Beneficiaries of Navy seaman who died from asbestos exposure could bring a maritime negligence action against shipbuilders related to systems and components on the vessels but not for the vessels themselves, which are not “products” under general maritime law; Speck v. 3M Co., No. 20-cv-5845, 2022 U.S. Dist. LEXIS 20016 (N.D. Cal.
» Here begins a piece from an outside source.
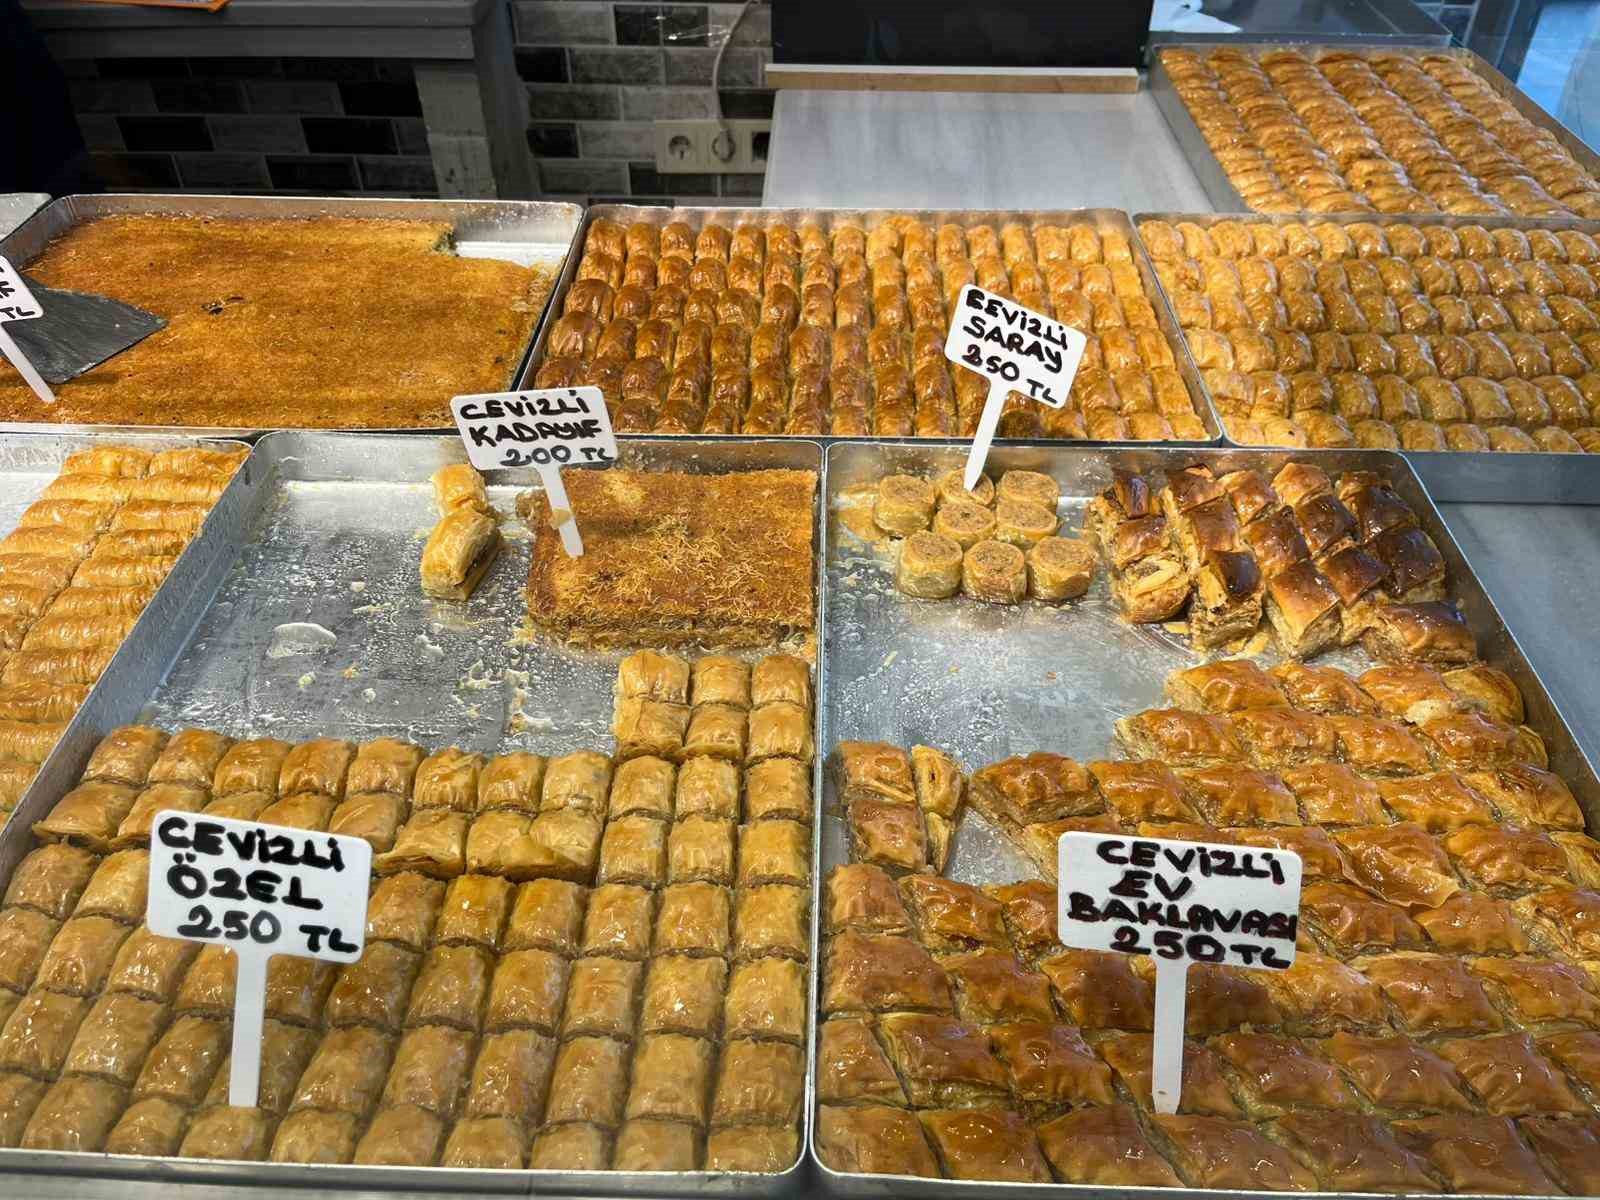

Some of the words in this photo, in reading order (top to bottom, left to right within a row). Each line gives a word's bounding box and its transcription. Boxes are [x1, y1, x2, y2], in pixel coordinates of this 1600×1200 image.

Feb. 3, 2022) (Donato).
This is a Navy seaman’s asbestos suit that includes as defendants the shipbuilders of the vessels on which the seaman claimed exposure to asbestos. The shipbuilders argued that the maritime negligence claims against them was nothing more than a recrafted cause of action for strict product liability, that the ship was not a product in a claim against the shipbuilder, and, consequently, the negligence claims should be dismissed. Judge Donato disagreed, reasoning that maritime product liability claims can be premised on both negligence and strict liability. Judge Donato agreed that the vessel itself cannot be considered the product, but the systems and components within the vessel can be products under maritime law. Consequently, Judge Donato did not dismiss the maritime negligence claims, but he did order the repleading of the claims for fraud and conspiracy to defraud because of the failure to plead with the requisite degree of particularity under Rule 9(b).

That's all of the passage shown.